**Work request**
Output each record exactly as given. Leave out every picture.

**Data supplied**
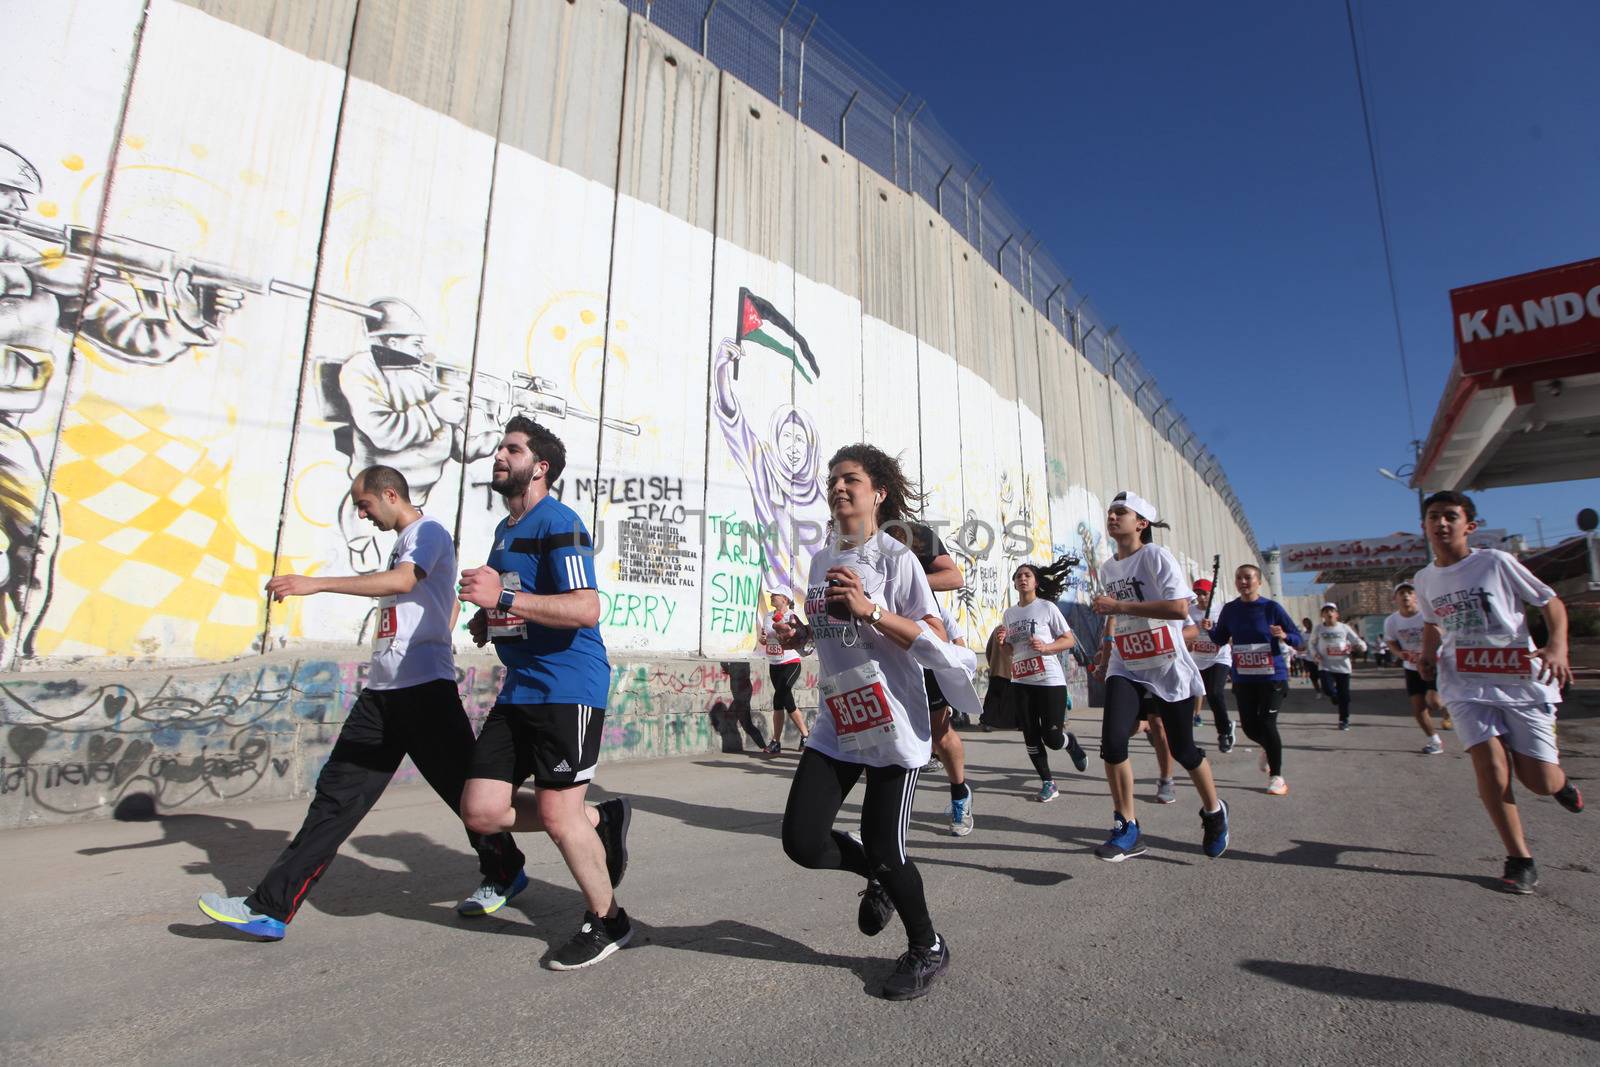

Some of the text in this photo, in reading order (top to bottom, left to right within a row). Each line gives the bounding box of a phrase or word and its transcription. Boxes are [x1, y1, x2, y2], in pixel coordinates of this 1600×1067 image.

[684, 565, 696, 573] ALL
[679, 579, 696, 588] FALL
[711, 573, 760, 608] SINN
[598, 590, 676, 633] DERRY
[711, 607, 754, 633] FEIN
[1123, 628, 1165, 655] 4837
[1238, 653, 1269, 666] 3905
[1464, 650, 1522, 669] 4444

**Expected output**
Some of the text in this photo, in reading order (top to bottom, left to right within a row). Each line gives the bounding box of a phrase or word and its transcription. Boxes are [x1, y1, x2, y2], in pixel coordinates of this 1600×1067 image.

[684, 565, 696, 573] ALL
[679, 579, 696, 588] FALL
[711, 573, 760, 608] SINN
[598, 590, 676, 633] DERRY
[711, 607, 754, 633] FEIN
[1123, 628, 1165, 655] 4837
[1238, 653, 1269, 666] 3905
[1464, 650, 1522, 669] 4444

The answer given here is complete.